§ DATA RECORDS:
------------
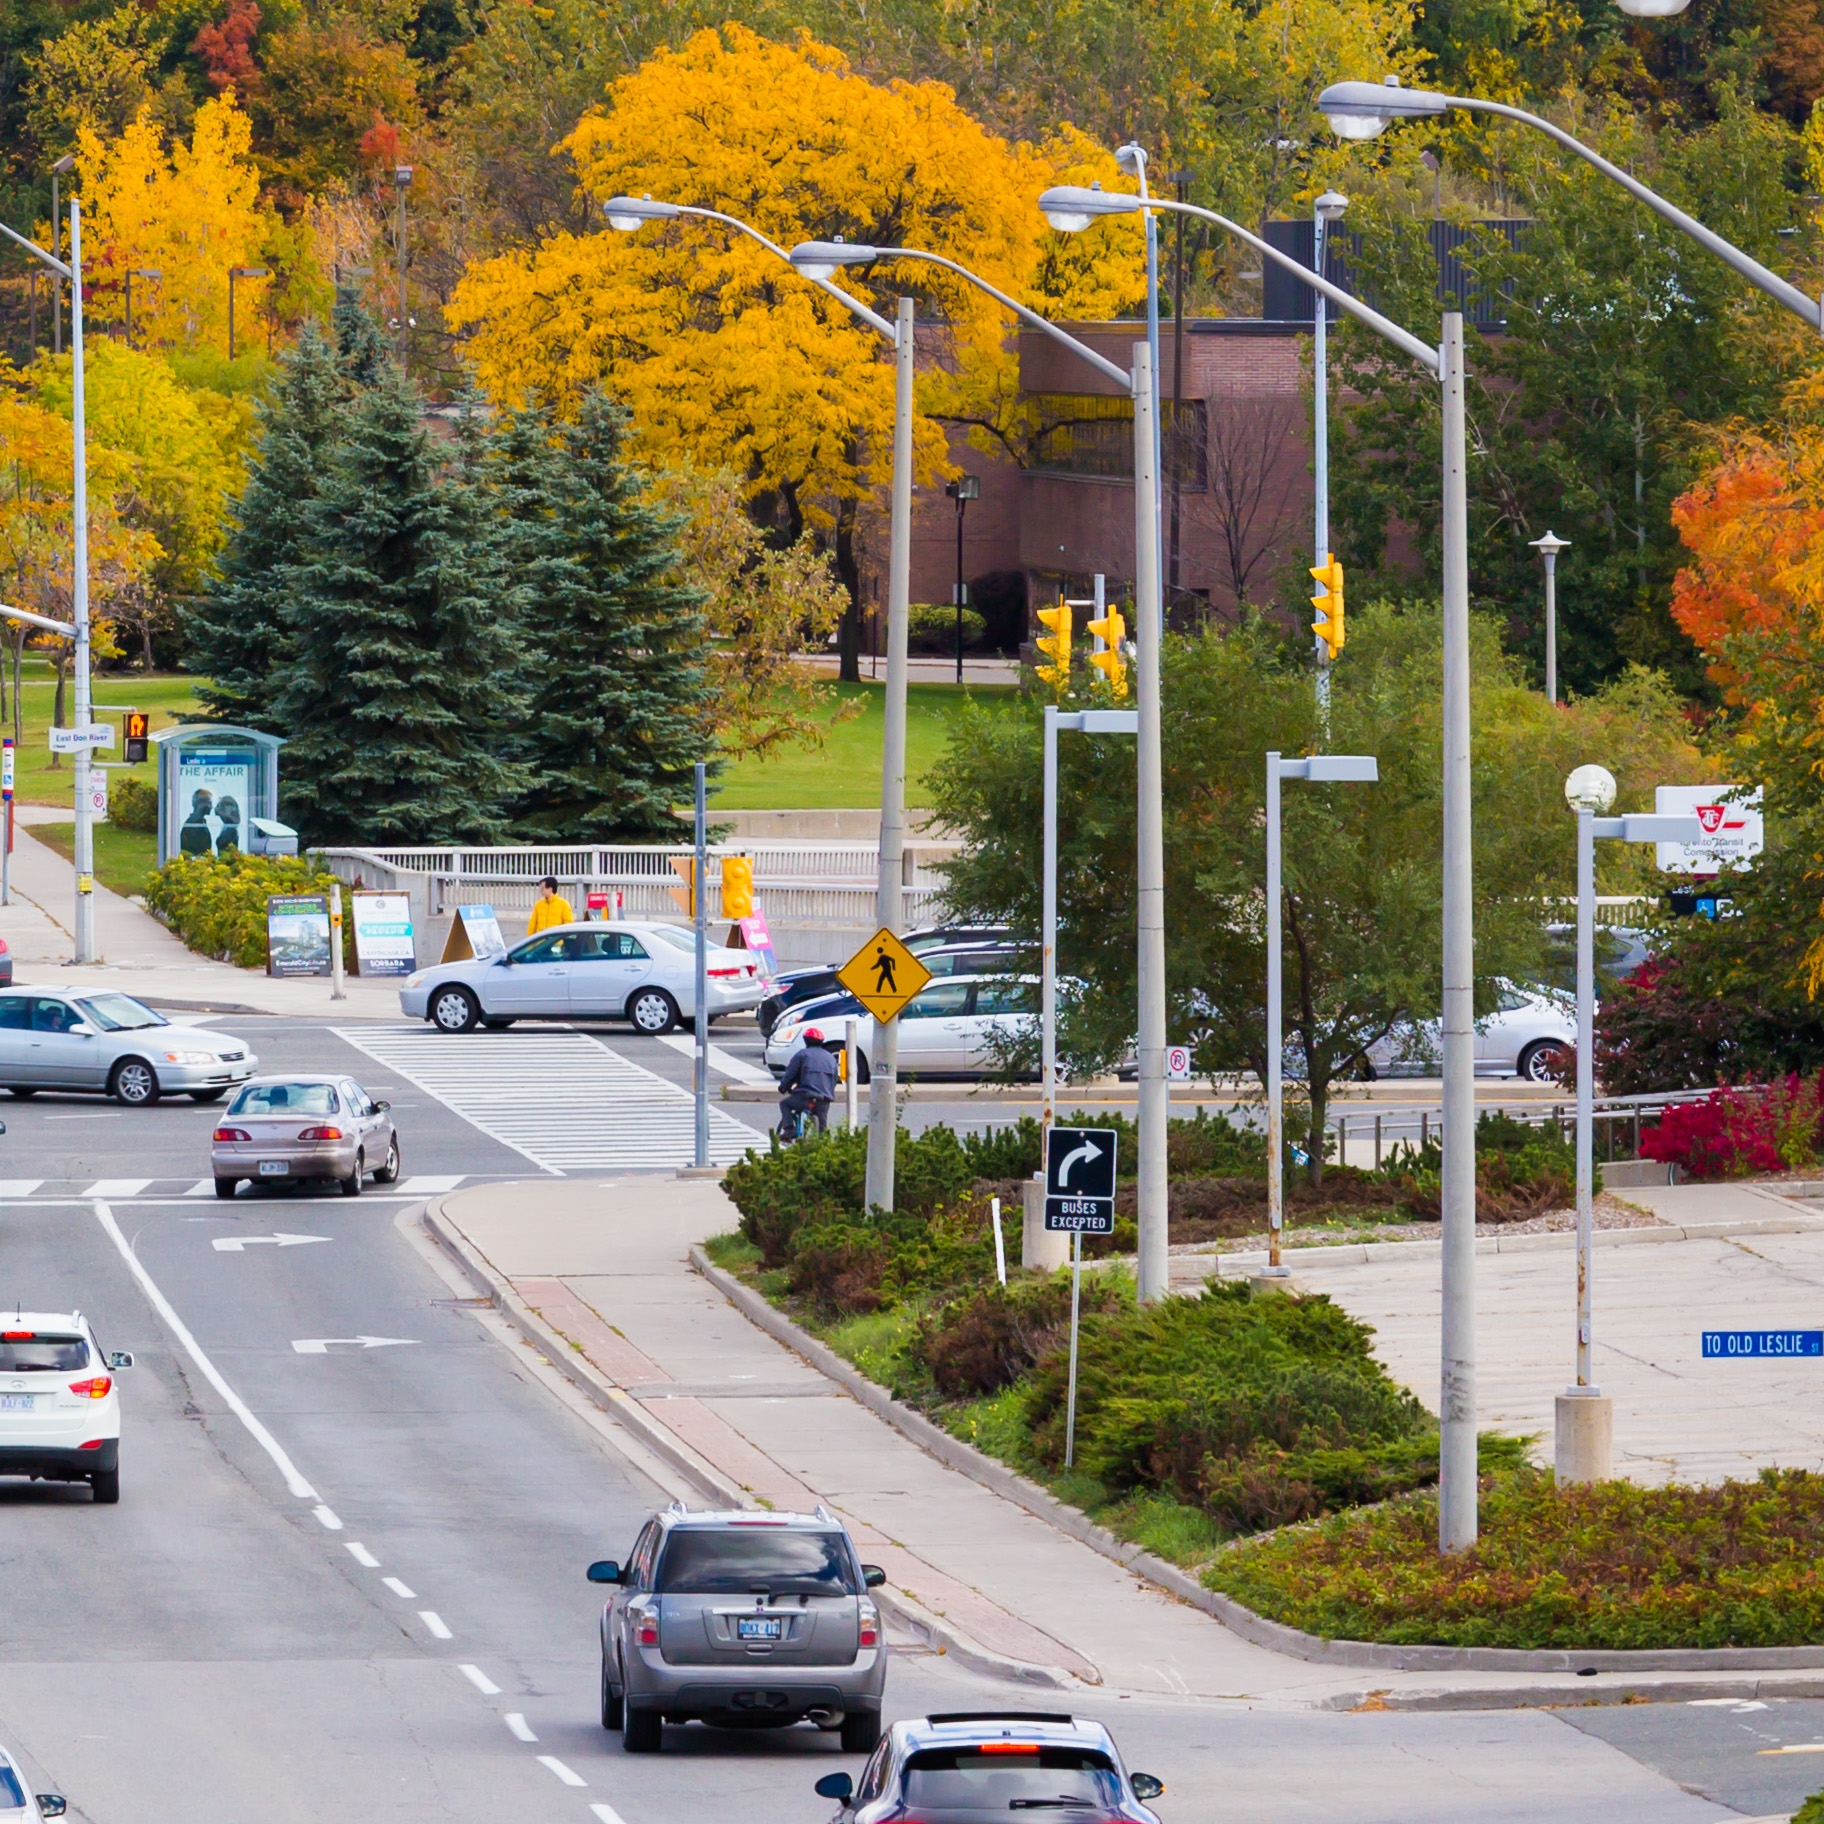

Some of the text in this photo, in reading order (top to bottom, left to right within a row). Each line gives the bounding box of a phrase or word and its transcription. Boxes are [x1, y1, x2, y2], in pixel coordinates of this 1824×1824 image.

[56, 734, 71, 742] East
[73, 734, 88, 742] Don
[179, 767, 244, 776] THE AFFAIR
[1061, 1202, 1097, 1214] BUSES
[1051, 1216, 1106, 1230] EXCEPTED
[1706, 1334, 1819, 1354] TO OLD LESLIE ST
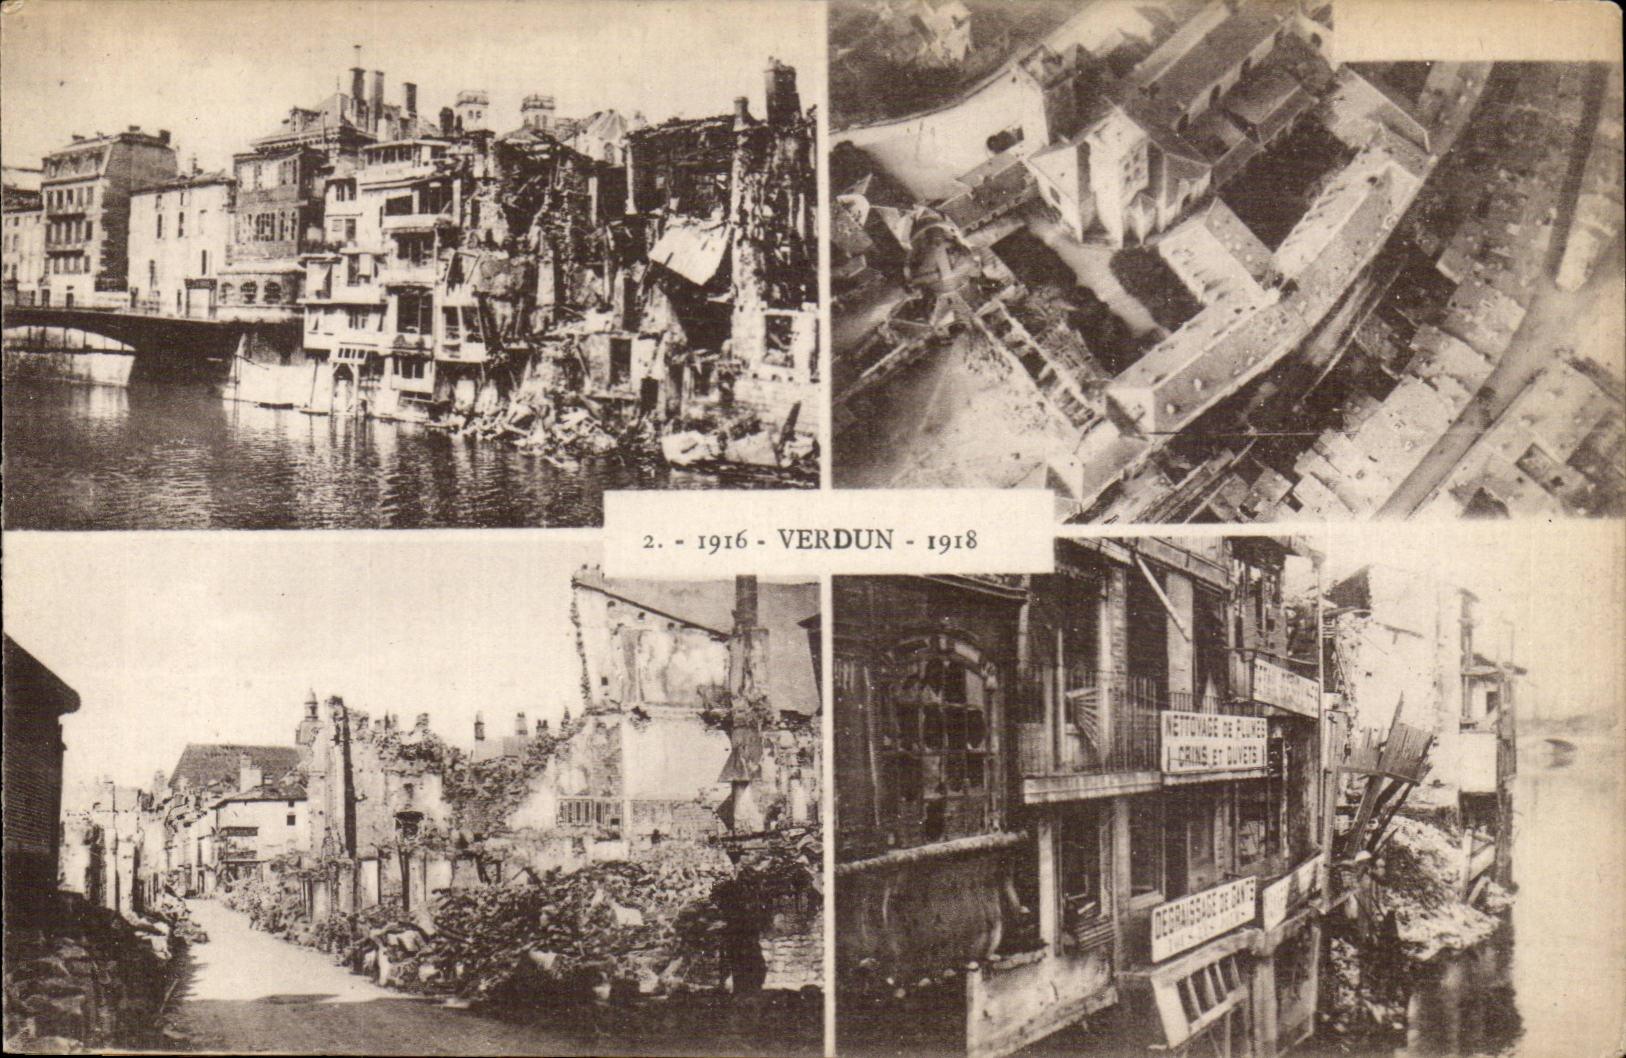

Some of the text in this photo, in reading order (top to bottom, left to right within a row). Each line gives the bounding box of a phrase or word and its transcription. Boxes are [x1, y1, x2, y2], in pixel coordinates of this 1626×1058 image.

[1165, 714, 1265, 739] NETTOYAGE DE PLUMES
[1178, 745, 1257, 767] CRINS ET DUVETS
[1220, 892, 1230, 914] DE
------------
§ TASK INSTRUCTIONS:
Word for word, quote the full listing, omitting every picture.

§ TASK OUTPUT:
Some of the text in this photo, in reading order (top to bottom, left to right within a row). Each line gives the bounding box of a phrase or word and its transcription. Boxes are [x1, y1, x2, y2], in pixel coordinates of this 1824×1824 image.

[56, 734, 71, 742] East
[73, 734, 88, 742] Don
[179, 767, 244, 776] THE AFFAIR
[1061, 1202, 1097, 1214] BUSES
[1051, 1216, 1106, 1230] EXCEPTED
[1706, 1334, 1819, 1354] TO OLD LESLIE ST

Some of the text in this photo, in reading order (top to bottom, left to right within a row). Each line gives the bounding box of a phrase or word and its transcription. Boxes are [x1, y1, x2, y2], in pixel coordinates of this 1626×1058 image.

[1165, 714, 1265, 739] NETTOYAGE DE PLUMES
[1178, 745, 1257, 767] CRINS ET DUVETS
[1220, 892, 1230, 914] DE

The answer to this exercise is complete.